## Exercise objective
All of the data below is to be written out again exactly.

Stored entries
== Segment start ==
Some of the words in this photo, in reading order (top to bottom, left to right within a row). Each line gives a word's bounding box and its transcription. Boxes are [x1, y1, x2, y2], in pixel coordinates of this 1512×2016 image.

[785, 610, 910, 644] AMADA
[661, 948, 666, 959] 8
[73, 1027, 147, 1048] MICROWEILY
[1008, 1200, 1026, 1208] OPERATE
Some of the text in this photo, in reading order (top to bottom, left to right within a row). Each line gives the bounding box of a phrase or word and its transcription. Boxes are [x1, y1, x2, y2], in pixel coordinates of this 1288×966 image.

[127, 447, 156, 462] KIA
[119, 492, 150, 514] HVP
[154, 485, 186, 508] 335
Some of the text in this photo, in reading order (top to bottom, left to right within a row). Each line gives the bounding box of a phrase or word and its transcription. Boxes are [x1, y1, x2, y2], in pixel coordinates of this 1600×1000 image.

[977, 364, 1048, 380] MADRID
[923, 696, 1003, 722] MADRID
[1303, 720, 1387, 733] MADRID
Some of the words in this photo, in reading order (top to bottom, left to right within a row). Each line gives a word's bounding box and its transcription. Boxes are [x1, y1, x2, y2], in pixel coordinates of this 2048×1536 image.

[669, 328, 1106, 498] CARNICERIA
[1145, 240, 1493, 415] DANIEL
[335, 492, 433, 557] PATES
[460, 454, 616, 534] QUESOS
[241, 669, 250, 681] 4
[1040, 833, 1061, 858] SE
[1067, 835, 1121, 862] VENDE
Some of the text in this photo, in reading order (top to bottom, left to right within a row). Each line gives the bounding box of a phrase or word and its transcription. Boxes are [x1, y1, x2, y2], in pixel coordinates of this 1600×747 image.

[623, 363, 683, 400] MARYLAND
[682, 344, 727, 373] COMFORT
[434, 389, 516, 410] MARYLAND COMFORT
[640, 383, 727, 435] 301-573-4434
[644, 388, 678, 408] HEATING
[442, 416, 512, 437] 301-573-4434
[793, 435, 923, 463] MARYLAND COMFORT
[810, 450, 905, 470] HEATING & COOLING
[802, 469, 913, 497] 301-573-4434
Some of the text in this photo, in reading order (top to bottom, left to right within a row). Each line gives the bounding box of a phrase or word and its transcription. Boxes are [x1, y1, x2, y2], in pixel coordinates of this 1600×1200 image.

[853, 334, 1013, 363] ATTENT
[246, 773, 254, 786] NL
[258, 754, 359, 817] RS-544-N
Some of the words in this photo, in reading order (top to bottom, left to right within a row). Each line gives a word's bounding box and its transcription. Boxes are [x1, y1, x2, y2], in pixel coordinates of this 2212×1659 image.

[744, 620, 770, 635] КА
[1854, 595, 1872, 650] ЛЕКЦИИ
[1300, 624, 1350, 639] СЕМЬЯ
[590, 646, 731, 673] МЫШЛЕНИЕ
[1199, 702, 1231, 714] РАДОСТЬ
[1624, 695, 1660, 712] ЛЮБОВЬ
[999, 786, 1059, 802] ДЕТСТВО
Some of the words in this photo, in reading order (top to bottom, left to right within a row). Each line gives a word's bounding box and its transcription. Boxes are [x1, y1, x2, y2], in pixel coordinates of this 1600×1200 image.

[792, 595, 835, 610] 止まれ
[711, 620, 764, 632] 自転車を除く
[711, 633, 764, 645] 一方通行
== Segment end ==
## Final answer
Some of the words in this photo, in reading order (top to bottom, left to right within a row). Each line gives a word's bounding box and its transcription. Boxes are [x1, y1, x2, y2], in pixel coordinates of this 1512×2016 image.

[785, 610, 910, 644] AMADA
[661, 948, 666, 959] 8
[73, 1027, 147, 1048] MICROWEILY
[1008, 1200, 1026, 1208] OPERATE
Some of the text in this photo, in reading order (top to bottom, left to right within a row). Each line gives the bounding box of a phrase or word and its transcription. Boxes are [x1, y1, x2, y2], in pixel coordinates of this 1288×966 image.

[127, 447, 156, 462] KIA
[119, 492, 150, 514] HVP
[154, 485, 186, 508] 335
Some of the text in this photo, in reading order (top to bottom, left to right within a row). Each line gives the bounding box of a phrase or word and its transcription. Boxes are [x1, y1, x2, y2], in pixel coordinates of this 1600×1000 image.

[977, 364, 1048, 380] MADRID
[923, 696, 1003, 722] MADRID
[1303, 720, 1387, 733] MADRID
Some of the words in this photo, in reading order (top to bottom, left to right within a row). Each line gives a word's bounding box and its transcription. Boxes are [x1, y1, x2, y2], in pixel coordinates of this 2048×1536 image.

[669, 328, 1106, 498] CARNICERIA
[1145, 240, 1493, 415] DANIEL
[335, 492, 433, 557] PATES
[460, 454, 616, 534] QUESOS
[241, 669, 250, 681] 4
[1040, 833, 1061, 858] SE
[1067, 835, 1121, 862] VENDE
Some of the text in this photo, in reading order (top to bottom, left to right within a row). Each line gives the bounding box of a phrase or word and its transcription. Boxes are [x1, y1, x2, y2], in pixel coordinates of this 1600×747 image.

[623, 363, 683, 400] MARYLAND
[682, 344, 727, 373] COMFORT
[434, 389, 516, 410] MARYLAND COMFORT
[640, 383, 727, 435] 301-573-4434
[644, 388, 678, 408] HEATING
[442, 416, 512, 437] 301-573-4434
[793, 435, 923, 463] MARYLAND COMFORT
[810, 450, 905, 470] HEATING & COOLING
[802, 469, 913, 497] 301-573-4434
Some of the text in this photo, in reading order (top to bottom, left to right within a row). Each line gives the bounding box of a phrase or word and its transcription. Boxes are [x1, y1, x2, y2], in pixel coordinates of this 1600×1200 image.

[853, 334, 1013, 363] ATTENT
[246, 773, 254, 786] NL
[258, 754, 359, 817] RS-544-N
Some of the words in this photo, in reading order (top to bottom, left to right within a row). Each line gives a word's bounding box and its transcription. Boxes are [x1, y1, x2, y2], in pixel coordinates of this 2212×1659 image.

[744, 620, 770, 635] КА
[1854, 595, 1872, 650] ЛЕКЦИИ
[1300, 624, 1350, 639] СЕМЬЯ
[590, 646, 731, 673] МЫШЛЕНИЕ
[1199, 702, 1231, 714] РАДОСТЬ
[1624, 695, 1660, 712] ЛЮБОВЬ
[999, 786, 1059, 802] ДЕТСТВО
Some of the words in this photo, in reading order (top to bottom, left to right within a row). Each line gives a word's bounding box and its transcription. Boxes are [x1, y1, x2, y2], in pixel coordinates of this 1600×1200 image.

[792, 595, 835, 610] 止まれ
[711, 620, 764, 632] 自転車を除く
[711, 633, 764, 645] 一方通行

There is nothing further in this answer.